В глазах режиссера мелькнуло нечто похожее на согласие с актером и знание, где за три минуты можно взять атрибуты злоупотребления – в собственной комнате отдыха. Но, представив, как кто-то, не выдержав соблазна, вылакивает его коньяк, мэтр решительно заявил:
– Сойдет и так.
– У вас все сойдет. Любая чушь. Любая фальшь! – заорал Игнат.
И бушевал еще минут десять. Это было привычной мелочью для всех, кроме него. Он представления не имел, что тоже склонен к истерикам.
– Простите, – сказал он. – Что-то я расклеился сегодня.
– Коньяк надо меньше жрать, – мстительно проворчал режиссер, и творческий акт продолжился как ни в чем не бывало.
Глава 7
Есть люди, которые добиваются того, что хотят иметь. Есть люди, которые добиваются того, что могут получить. И только я усиленно добиваюсь того, чего и не хочу и не могу. Я гибну. Уныние – это когда ты ничего не ждешь от мира. Отчаяние – это когда ты ничего не ждешь от Бога. Смерть – это когда ты ничего не ждешь от себя.
Без пяти девять вечера, в который Лиза Шелковникова читала Игнату и Маше первую главу романа, наконец-то позвонила вдохновительница. Лизу затрясло от этого совпадения.

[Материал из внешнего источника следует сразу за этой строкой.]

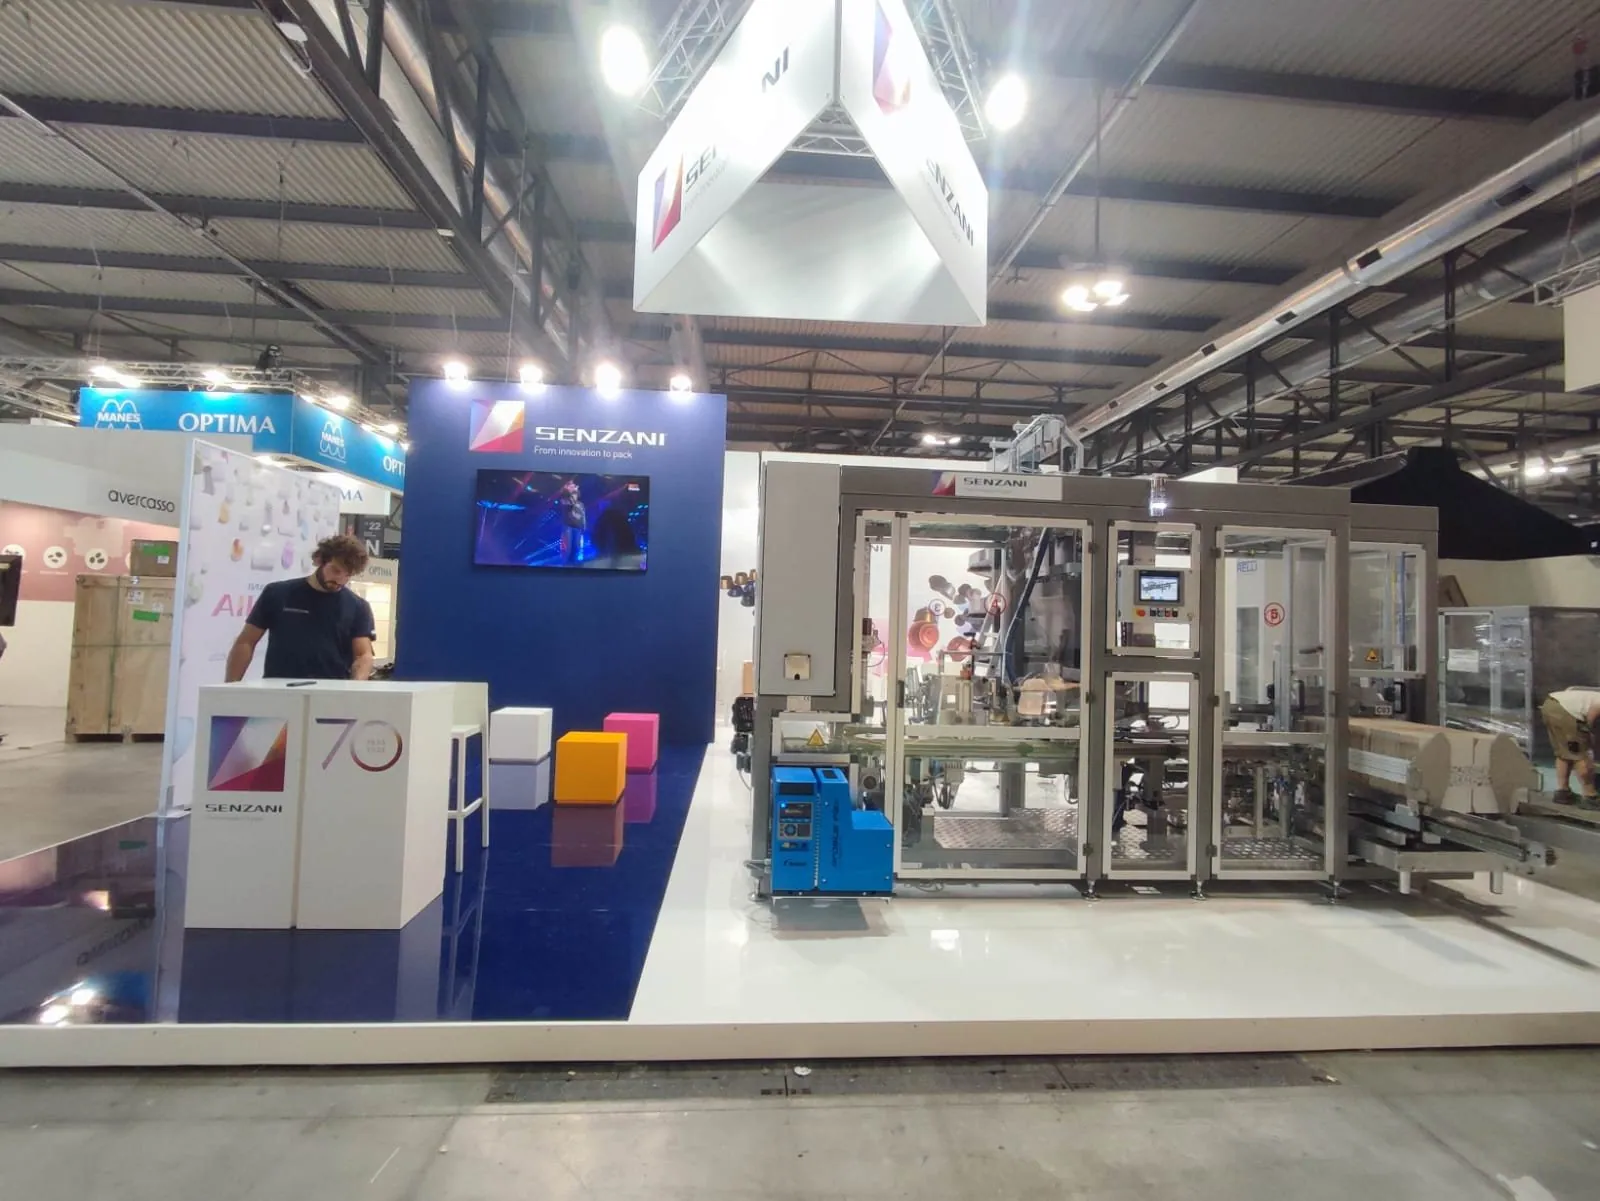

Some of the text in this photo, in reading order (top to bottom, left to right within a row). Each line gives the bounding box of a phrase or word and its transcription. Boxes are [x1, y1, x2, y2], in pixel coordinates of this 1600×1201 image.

[97, 412, 141, 424] MANES
[178, 413, 276, 434] OPTIMA
[535, 426, 666, 446] SENZANI
[534, 445, 633, 460] From innovation to pack
[963, 477, 1028, 488] SENZANI
[108, 489, 176, 513] avercasso
[315, 717, 403, 772] 70
[205, 803, 283, 813] SENZANI

– Верочка, как ты?! – закричала она.
– У меня все нормально, не волнуйся. Извини, что не связывалась с тобой так долго. Во-первых, сын телефон не оставил. Во-вторых, сложновато было адаптироваться, хотя тут прекрасные люди. В основном молодежь из богатых семейств, но есть и ученые, и артисты, и один, как мы в юности говорили, обалденный режиссер и продюсер. Знаешь, мы с ним подружились – взаимопонимание полное.
«Вот оно! – подумала писательница и ощутила тяжесть за грудиной, а потом истому и усталость. – Режиссер и продюсер в одном лице. С ума сойти. Я верно определила направление. Теперь только вперед, чтобы отношения в клинике и в романе развивались параллельно. Нет, ну я даю! Все-таки творчество – акт мистический».

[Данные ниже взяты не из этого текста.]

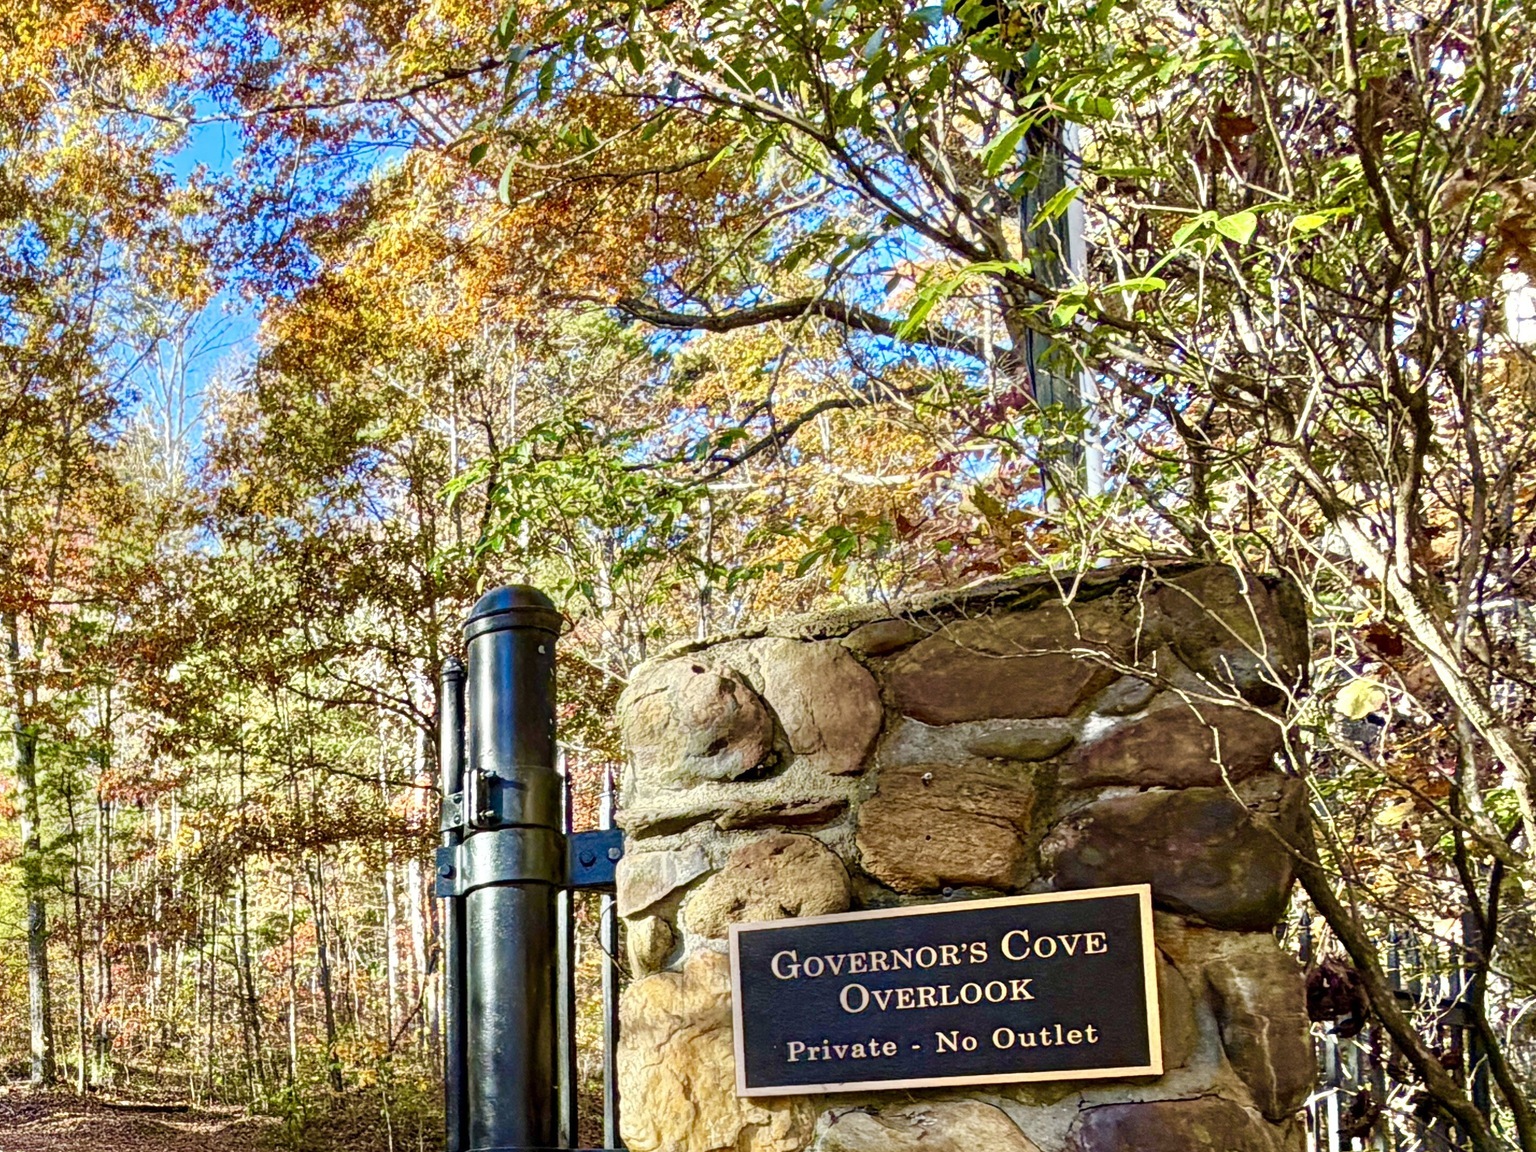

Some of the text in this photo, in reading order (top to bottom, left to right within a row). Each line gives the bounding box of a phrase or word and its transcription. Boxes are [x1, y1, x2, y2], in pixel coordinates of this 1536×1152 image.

[1000, 928, 1108, 962] COVE
[839, 977, 1035, 1014] OVERLOOK
[786, 1036, 898, 1063] Private
[935, 1030, 978, 1054] No
[992, 1022, 1099, 1051] Outlet

– Вера, я боялась, что тебе будет одиноко.
– Здесь стараются занять нас по максимуму, не оставить ни минуты на тоскливые диалоги с самими собой. Слушай, я ведь к тебе с просьбой. У меня тут есть возможность отлучиться часа на полтора-два.
– Удрать? – сдавленно изумилась Лиза. – А если засекут? Выдворят за милую душу, я читала, так делают.
– Не волнуйся.
– Вер, давай я сама к тебе приеду.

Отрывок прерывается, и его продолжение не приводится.